Saman Mohsenirad PhD Defense

This dissertation advances the performance evaluation of complex socio-technical systems (STSs) by integrating systems theory with methodological innovations in Data Envelopment Analysis (DEA). Traditional DEA models, while robust in assessing relative efficiency across multiple inputs and outputs, implicitly assume homogeneity among decision-making units (DMUs) and precise, ratio-scaled data. These assumptions fall short when confronted with the realities of STSs, which are characterized by behavioral heterogeneity, contextual variability, mixed-scale and imprecise data, and emergent performance shaped by environmental conditions. Recognizing these challenges, this research reconceptualizes DEA within a systems-theoretic framework and proposes four interrelated methodological advancements that address the epistemological and practical limitations of conventional performance analysis.

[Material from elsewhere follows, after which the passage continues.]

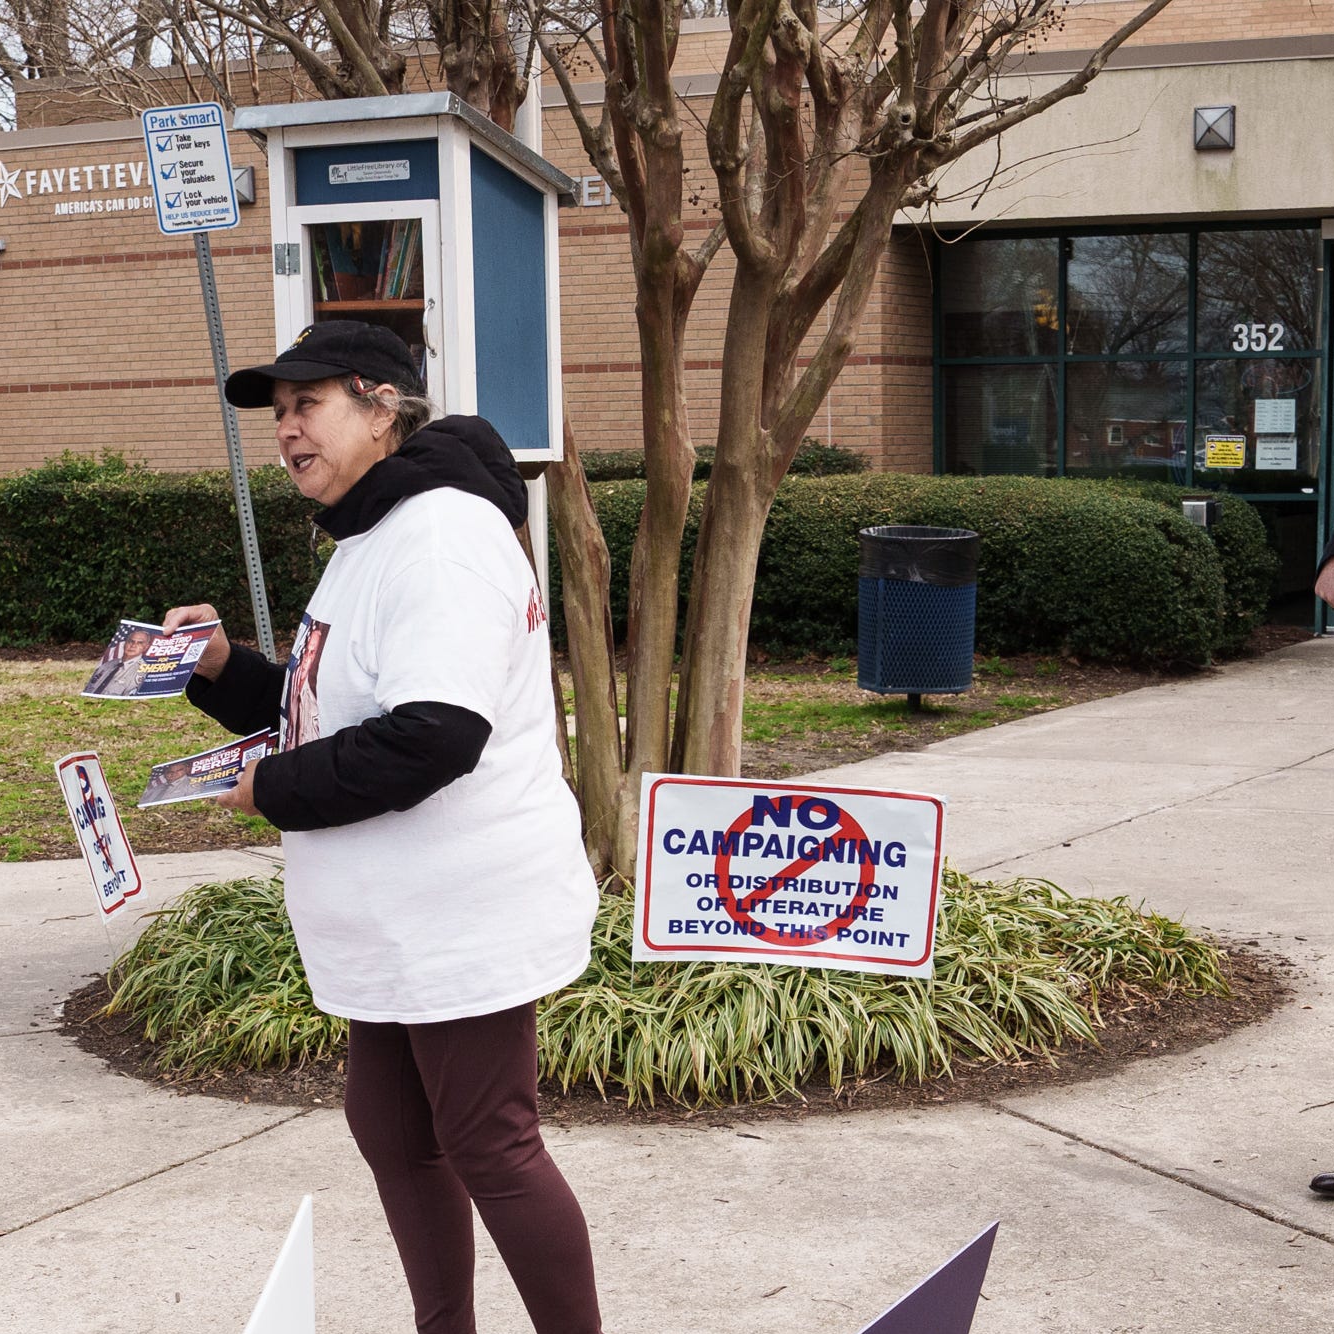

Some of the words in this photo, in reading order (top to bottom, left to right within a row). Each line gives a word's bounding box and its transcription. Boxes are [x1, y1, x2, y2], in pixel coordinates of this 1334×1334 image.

The first contribution introduces a novel statistical framework for testing heterogeneity among DMUs using slack-based diagnostics and nonparametric inference. This approach empirically verifies whether observed units operate under a shared technology, providing a rigorous foundation for clustering, meta-frontier analysis, and group-specific benchmarking. The second contribution develops a multivariate fuzzy DEA methodology that enables the inclusion of ordinal, categorical, and imprecise data through the integration of Multiple Factor Analysis (MFA), fuzzy set theory, and clustering algorithms. This model enhances interpretability and robustness in efficiency evaluation under data ambiguity and contextual complexity. Third, the dissertation proposes a hybrid SEM–DEA framework to estimate and adjust for environmental influences on performance. Structural Equation Modeling (SEM) is used to quantify both direct and indirect effects of contextual variables on inputs and outputs, allowing for what-if scenario modeling and fairer cross-unit comparisons. The fourth and final contribution incorporates a behavioral modeling dimension by applying machine learning techniques—specifically Random Forests and decision tree analysis—to predict household evacuation behavior in response to Hurricane Irma. It highlights adaptive decision-making under uncertainty and the value of linking behavioral insights with performance analysis.

Empirical demonstrations focus on disaster evacuation as a prototypical socio-technical system, where decision-making interacts with infrastructure, resource constraints, and diverse perceptual frameworks. Across all contributions, this research maintains a commitment to interpretability, diagnostic clarity, and systems alignment. By situating DEA within a broader systems paradigm and extending its methodological repertoire, this dissertation offers a unified analytical lens to capture efficiency, contextual sensitivity, and behavioral realism. The resulting framework provides both theoretical insight and practical tools for evaluating performance in complex, human-centered environments—advancing the applicability of efficiency analysis in engineering, policy, and socio-technical design.